The morning highlights included the opening speaker, Vanessa Kingori MBE from GQ Magazine, who set the tone for the whole event by looking at the challenges facing the publishing industry, and the opportunities of new technologies and superior content. It was immediately clear after a few minutes that we were all in for an absorbing day, especially when Vanessa played a cool clip of David Bowie in 1999 predicting that the internet would alter how we communicate in ways which "we
can't yet even imagine".
Also up in the morning was the CEO of News UK (and former editor at the Scottish Sun), David Dinsmore, who described the huge operation the group runs across the nation, and the many successes of Scotland's best-selling tabloid newspaper.
Next up was Holland's Ernst-Jan Pfauth from De Correspondant - a Dutch-language digital magazine of crowd-sourced journalists which is ad-free and uses a disruptive strategy to operate outside of the commercial constraints normally associated with magazines. Original content, beautiful design, and an inspired subscription model have been key to this title's rapid success. For me this was the highlight of the day, and with hindsight, a talk like this about publishing would have been unimaginable just a few years ago.
We also had an interesting diversion into modern Scottish politics with Angela Haggerty, editor of CommonSpace, talking about the vacuum this news platform has filled in terms of balanced journalism in post-indyref Scotland. Angela also talked about a social media platform funded by Common Weal, called 'CommonSocial'.
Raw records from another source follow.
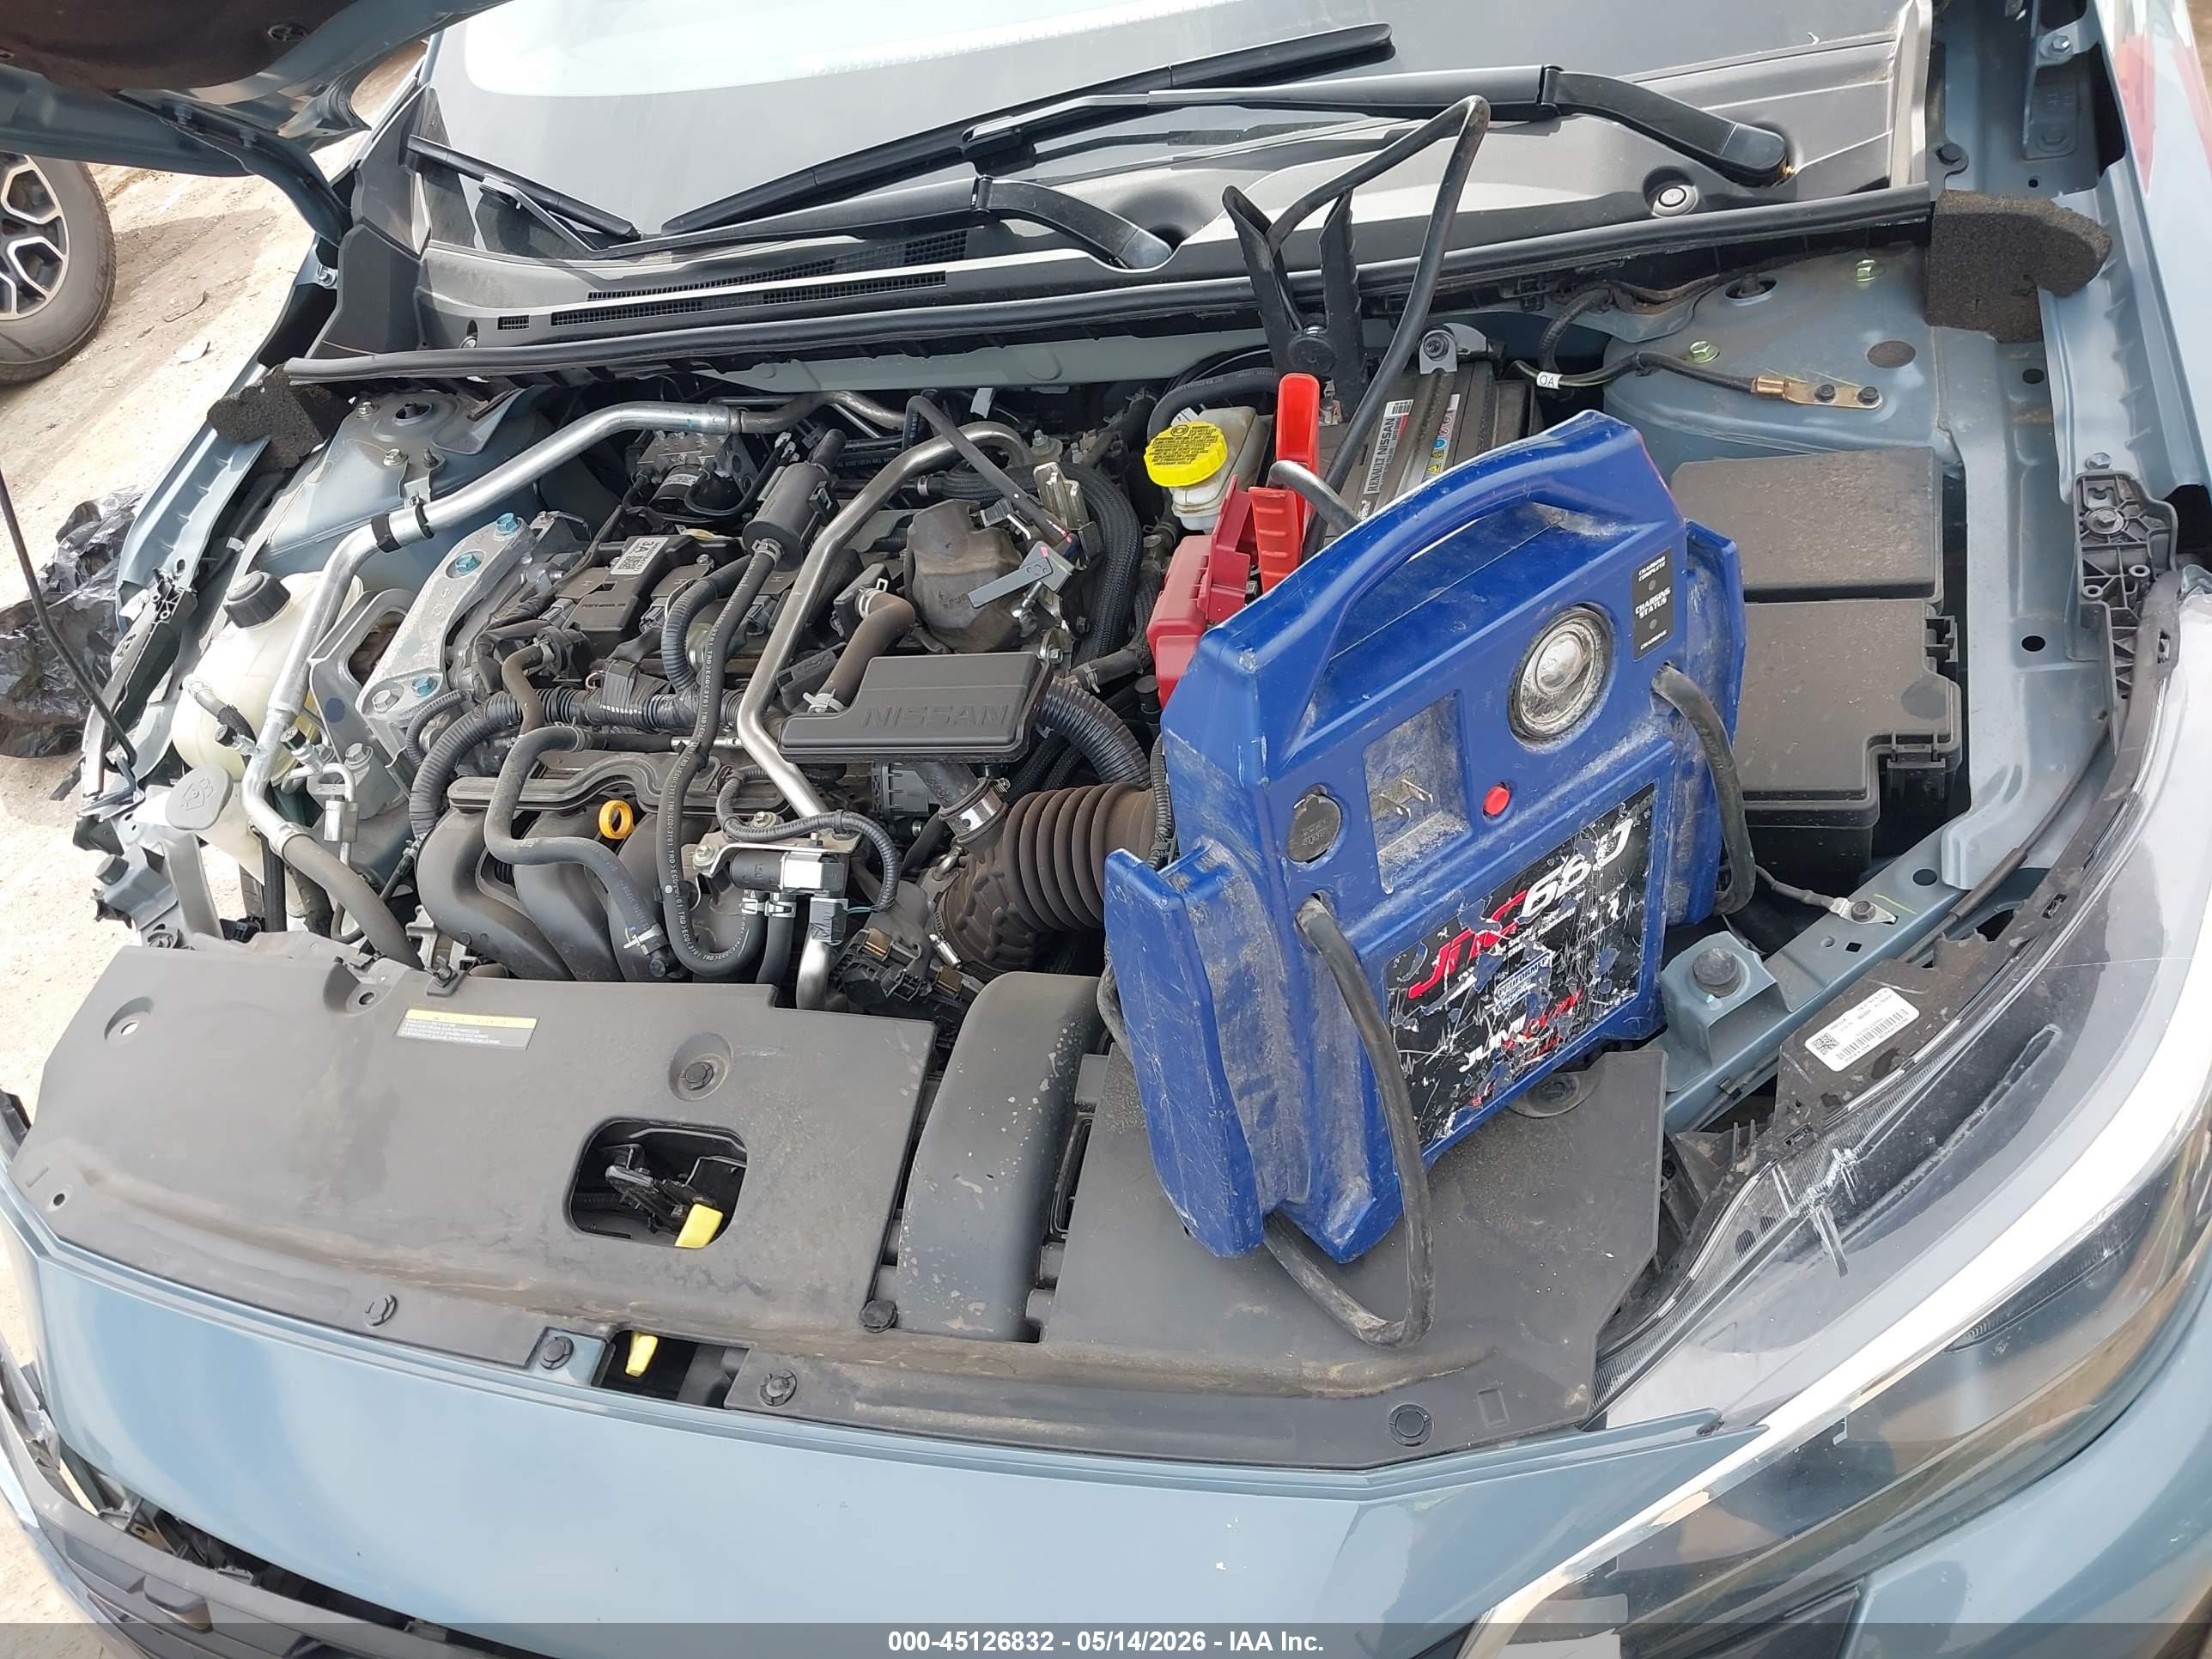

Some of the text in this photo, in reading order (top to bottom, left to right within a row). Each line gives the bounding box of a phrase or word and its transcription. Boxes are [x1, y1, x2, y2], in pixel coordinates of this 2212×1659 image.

[1367, 457, 1385, 492] RENAULT
[1378, 417, 1396, 456] NISSAN
[1638, 561, 1667, 583] COMPLETE
[1635, 586, 1671, 615] CHARGING
[1638, 597, 1668, 619] STATUS
[860, 704, 1010, 728] NISSAN
Lunch (in a metal box) is served.
The early afternoon talks included Terri White, Editor-In-Chief of Empire Magazine (and a former editor of Time Out New York), who discussed current trends in film magazines and the risks publishers need to take - which she duly demonstrated by playing a hilarious x-rated Empire infomercial delivered by Ryan Reynolds as Deadpool - google it.
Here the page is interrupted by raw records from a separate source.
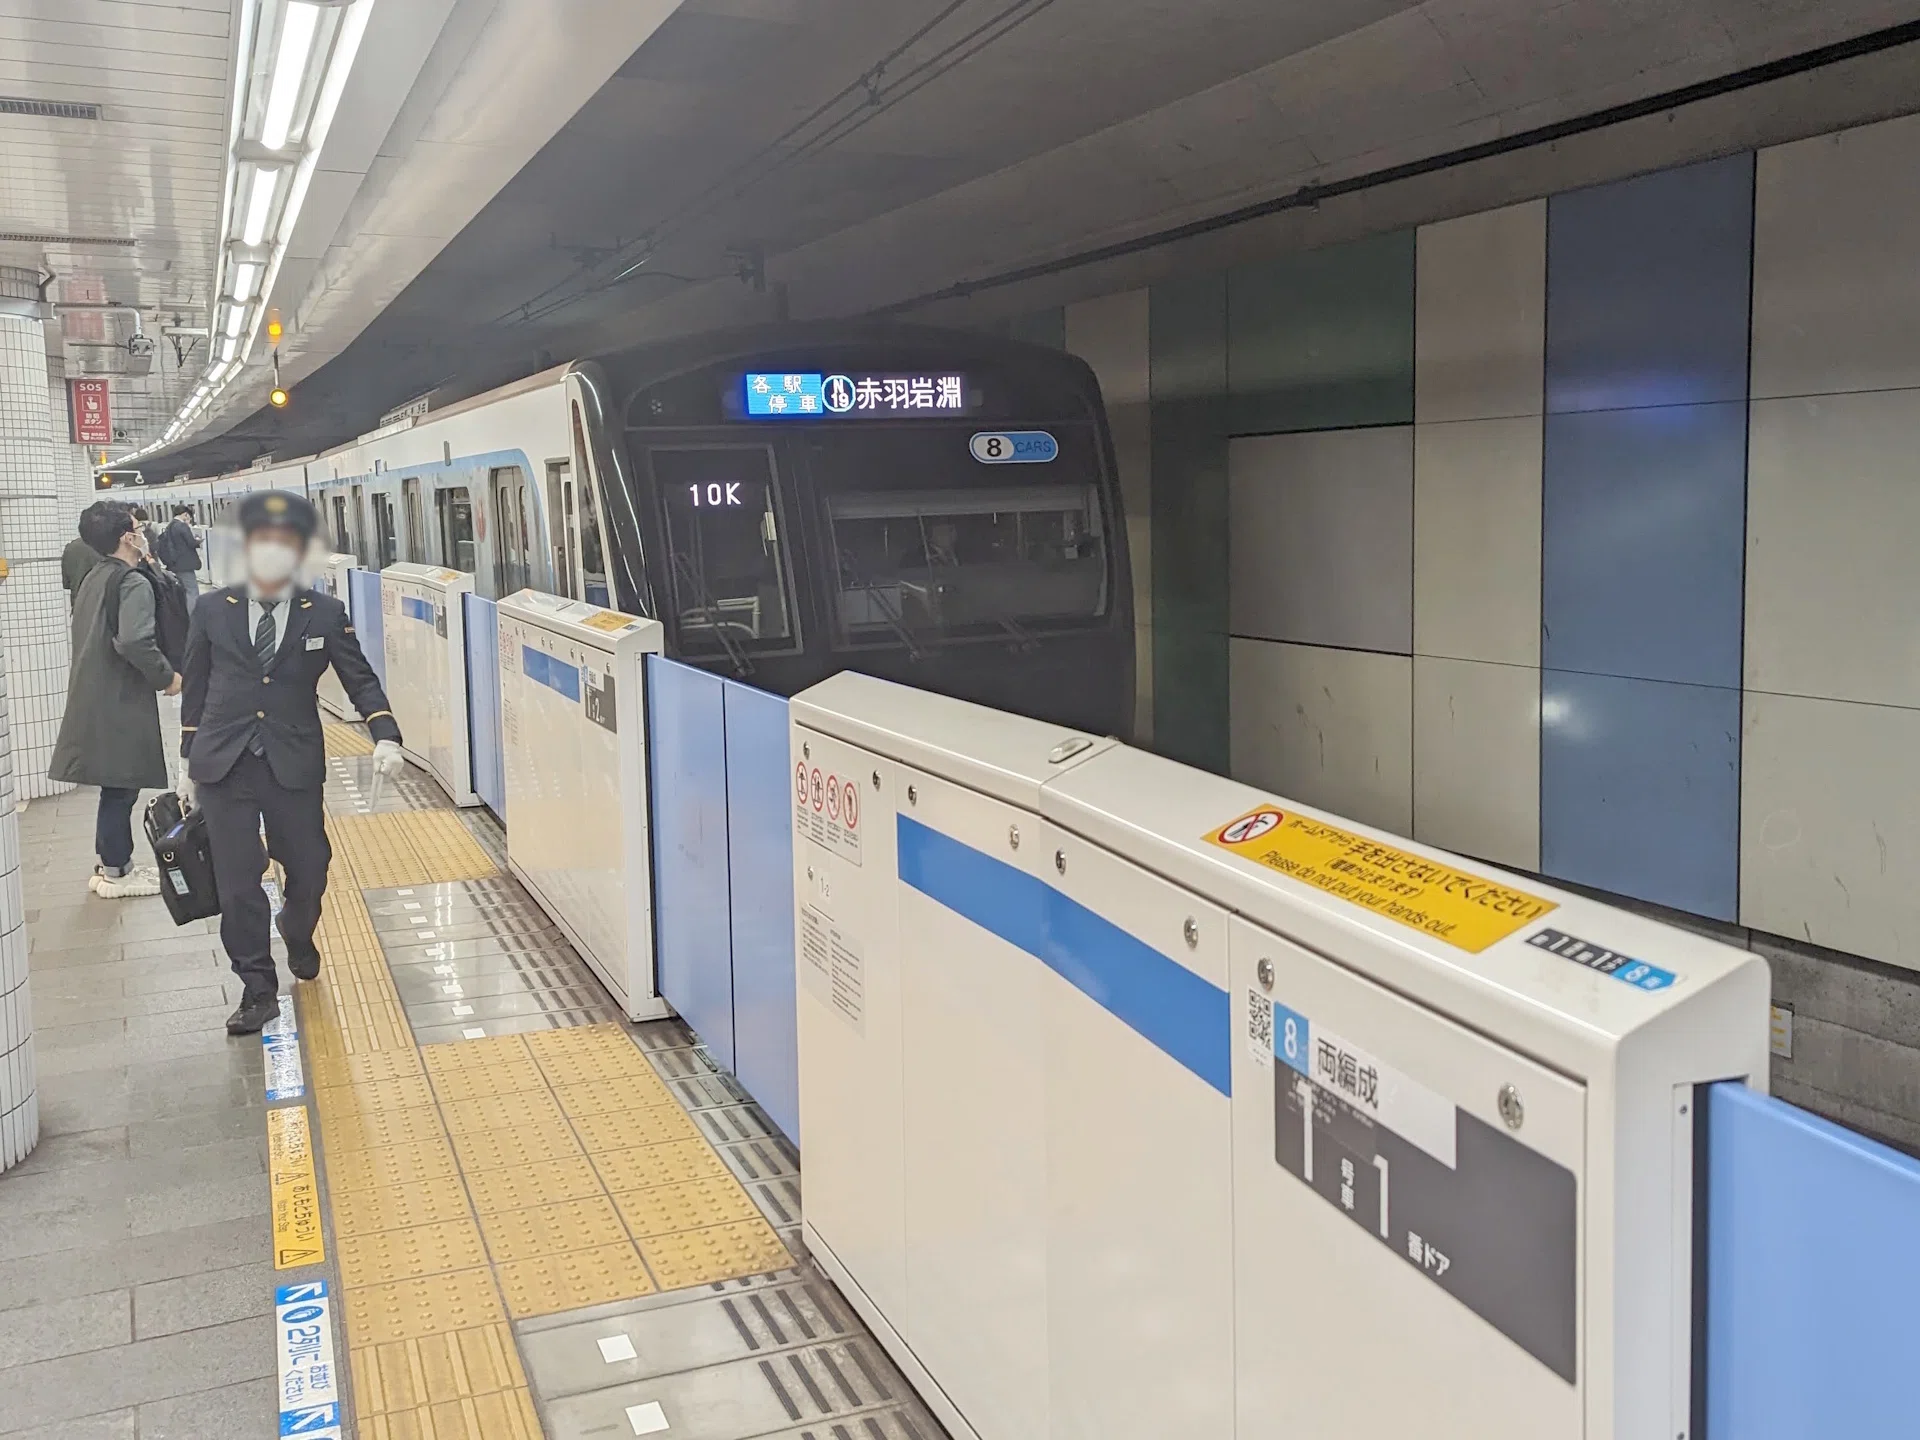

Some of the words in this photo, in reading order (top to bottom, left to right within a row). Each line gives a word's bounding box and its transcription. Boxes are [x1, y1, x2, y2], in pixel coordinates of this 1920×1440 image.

[79, 383, 102, 391] SOS
[752, 375, 803, 394] 各駅
[833, 378, 844, 393] N
[856, 376, 962, 410] 赤羽岩淵
[768, 394, 819, 414] 停車
[831, 393, 849, 408] 19
[987, 437, 1002, 458] 8
[1015, 440, 1052, 454] CARS
[689, 482, 742, 507] 10K
[1258, 849, 1301, 873] Please
[1295, 865, 1318, 880] do
[1313, 873, 1341, 889] not
[1326, 880, 1360, 897] put
[1347, 889, 1388, 908] your
[1379, 899, 1430, 925] hands
[1284, 1017, 1298, 1059] 8
[1316, 1036, 1380, 1111] 両編成
[292, 1183, 316, 1242] あしもとちゅうい
[287, 1325, 323, 1366] 2列に
[284, 1369, 305, 1404] ください
In between these keynotes I really enjoyed the short pitches from all the new publishers, in particular the titles She is Fierce, Counterpoint, and Nutmeg stood out. It's a pity I missed Astrid Stavro and Primate's Espen Brunborg, who talked about editorial design and web design respectively, but I'm reliably informed by our students that these two talks were superb.
And with workshops on comics, infographics and etc, there was something for everyone at Magfest. The free (and rather excellent) lunch, a set of great freelance stalls, and a fully stocked shop of Scottish titles all added to the sense that Magfest is firmly established as a brilliant event for creatives and publishers, and probably doesn't need to fight for its audience next year.